Namely, Is it even possible to select whole objects after streaming through their paths and identifying a notable event, or in this case a property value that matches a certain string?
I know that I can use:
cat sample.json | jq --stream 'select(.[0][1] == "batters" and .[0][2] == "batter" and .[0][4] == "type") | .[1]'
to give me all of the batter types. But is there a way to say: "If it's Chocolate, grab the object this leaf is a part of"?
Command:
$ jq -cn --stream 'fromstream(1|truncate_stream(inputs))' array_of_objects.json |
jq 'select(.batters.batter[].type == "Chocolate") | .id'
Output:
"0001"
"0003"
The first invocation of jq converts the array of objects into a stream of objects. The second is based on your invocation and can be tailored further to your needs.
Of course the two invocations can (and probably should) be combined into one, but you might want to use the first invocation to save the big file as a file containing the stream of objects.
By the way, it would probably be better to use the following select:
select( any(.batters.batter[]; .type == "Chocolate") )

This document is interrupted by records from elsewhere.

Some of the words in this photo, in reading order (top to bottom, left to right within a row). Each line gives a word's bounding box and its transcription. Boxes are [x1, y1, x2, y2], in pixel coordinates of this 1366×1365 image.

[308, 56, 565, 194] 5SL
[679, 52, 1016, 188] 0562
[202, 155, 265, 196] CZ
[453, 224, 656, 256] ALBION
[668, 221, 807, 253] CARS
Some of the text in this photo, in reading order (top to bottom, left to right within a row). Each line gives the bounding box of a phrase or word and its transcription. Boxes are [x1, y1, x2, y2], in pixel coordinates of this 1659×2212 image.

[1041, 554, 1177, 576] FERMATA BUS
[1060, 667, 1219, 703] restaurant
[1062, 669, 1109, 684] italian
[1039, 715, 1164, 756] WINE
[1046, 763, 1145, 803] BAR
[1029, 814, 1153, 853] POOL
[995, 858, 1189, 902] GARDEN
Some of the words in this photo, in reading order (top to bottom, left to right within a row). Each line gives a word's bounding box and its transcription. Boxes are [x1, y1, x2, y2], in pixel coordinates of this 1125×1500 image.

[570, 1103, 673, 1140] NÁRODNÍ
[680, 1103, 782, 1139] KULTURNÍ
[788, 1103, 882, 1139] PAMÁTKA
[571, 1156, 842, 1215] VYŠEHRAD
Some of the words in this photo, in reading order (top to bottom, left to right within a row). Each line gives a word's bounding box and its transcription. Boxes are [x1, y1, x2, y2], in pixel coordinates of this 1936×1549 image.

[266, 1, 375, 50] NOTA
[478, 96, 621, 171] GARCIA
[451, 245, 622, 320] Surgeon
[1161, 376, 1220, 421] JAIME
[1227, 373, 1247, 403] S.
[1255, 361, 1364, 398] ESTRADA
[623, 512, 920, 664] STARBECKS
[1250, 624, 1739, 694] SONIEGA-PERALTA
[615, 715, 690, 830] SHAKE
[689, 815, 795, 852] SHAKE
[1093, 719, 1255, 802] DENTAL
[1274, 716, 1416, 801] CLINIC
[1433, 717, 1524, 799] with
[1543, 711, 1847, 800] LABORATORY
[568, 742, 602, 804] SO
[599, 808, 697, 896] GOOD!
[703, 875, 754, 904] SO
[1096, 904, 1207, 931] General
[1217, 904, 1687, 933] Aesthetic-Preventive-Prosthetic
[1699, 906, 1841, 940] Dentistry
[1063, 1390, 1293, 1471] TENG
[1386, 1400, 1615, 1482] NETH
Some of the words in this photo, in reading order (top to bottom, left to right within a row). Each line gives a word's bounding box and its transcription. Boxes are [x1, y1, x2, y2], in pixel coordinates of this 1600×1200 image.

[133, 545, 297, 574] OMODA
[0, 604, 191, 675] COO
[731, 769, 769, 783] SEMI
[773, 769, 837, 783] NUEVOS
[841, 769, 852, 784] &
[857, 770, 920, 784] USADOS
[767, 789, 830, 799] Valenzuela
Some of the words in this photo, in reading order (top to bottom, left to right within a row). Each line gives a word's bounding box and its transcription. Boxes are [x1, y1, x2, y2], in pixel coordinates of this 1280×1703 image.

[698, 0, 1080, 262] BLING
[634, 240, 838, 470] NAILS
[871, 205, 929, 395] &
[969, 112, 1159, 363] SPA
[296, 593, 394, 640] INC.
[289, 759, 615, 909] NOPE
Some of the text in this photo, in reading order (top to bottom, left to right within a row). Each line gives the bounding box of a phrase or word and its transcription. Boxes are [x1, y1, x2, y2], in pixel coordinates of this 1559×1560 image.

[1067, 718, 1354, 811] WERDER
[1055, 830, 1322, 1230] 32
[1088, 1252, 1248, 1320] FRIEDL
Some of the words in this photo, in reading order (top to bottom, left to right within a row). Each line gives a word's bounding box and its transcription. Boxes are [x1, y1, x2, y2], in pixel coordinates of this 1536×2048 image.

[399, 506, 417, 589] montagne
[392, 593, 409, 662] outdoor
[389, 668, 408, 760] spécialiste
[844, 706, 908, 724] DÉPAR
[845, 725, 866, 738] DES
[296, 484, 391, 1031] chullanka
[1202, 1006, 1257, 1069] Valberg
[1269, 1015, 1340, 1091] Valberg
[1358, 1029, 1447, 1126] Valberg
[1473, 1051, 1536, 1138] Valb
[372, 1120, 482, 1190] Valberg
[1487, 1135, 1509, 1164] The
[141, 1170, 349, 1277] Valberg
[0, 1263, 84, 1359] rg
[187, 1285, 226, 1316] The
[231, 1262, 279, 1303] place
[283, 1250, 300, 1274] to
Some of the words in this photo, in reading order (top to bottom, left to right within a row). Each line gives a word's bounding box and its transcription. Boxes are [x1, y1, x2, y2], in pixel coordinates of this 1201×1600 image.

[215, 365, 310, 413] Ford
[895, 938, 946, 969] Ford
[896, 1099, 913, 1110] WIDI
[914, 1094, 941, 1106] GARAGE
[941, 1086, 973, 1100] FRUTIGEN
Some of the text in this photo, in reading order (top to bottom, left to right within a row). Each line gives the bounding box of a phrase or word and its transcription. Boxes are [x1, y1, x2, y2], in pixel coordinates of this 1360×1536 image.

Here is another approach. Start with a streaming filter filter1.jq that extracts the record number and the minimum set of attributes you need to process. E.g.
select(length==2)
| . as [$p, $v]
| {r:$p[0]}
| if $p[1] == "id" then .id = $v
elif $p[1] == "batters" and $p[-1] == "type" then .type = $v
else empty
end
Running this with
jq -M -c --stream -f filter1.jq bigdata.json
produces values like
{"r":0,"id":"0001"}
{"r":0,"type":"Regular"}
{"r":0,"type":"Chocolate"}
{"r":0,"type":"Blueberry"}
{"r":0,"type":"Devil's Food"}
{"r":1,"id":"0002"}
{"r":1,"type":"Regular"}
{"r":2,"id":"0003"}
{"r":2,"type":"Regular"}
{"r":2,"type":"Chocolate"}
now pipe this into a second filter filter2.jq which does the processing you want on those attributes for each record
foreach .[] as $i (
{c: null, r:null, id:null, type:null}
; .c = $i
| if .r != .c.r then .id=null | .type=null | .r=.c.r else . end # control break
| .id = if .c.id == null then .id else .c.id end
| .type = if .c.type == null then .type else .c.type end
; if ([.id, .type] | contains([null])) then empty else . end
)
| select(.type == "Chocolate").id
with a command like
jq -M -c --stream -f filter1.jq bigdata.json | jq -M -s -r -f filter2.jq
to produce
0001
0003
filter1.jq and filter2.jq do a little more than what you need for this specific problem but they can be generalized easily.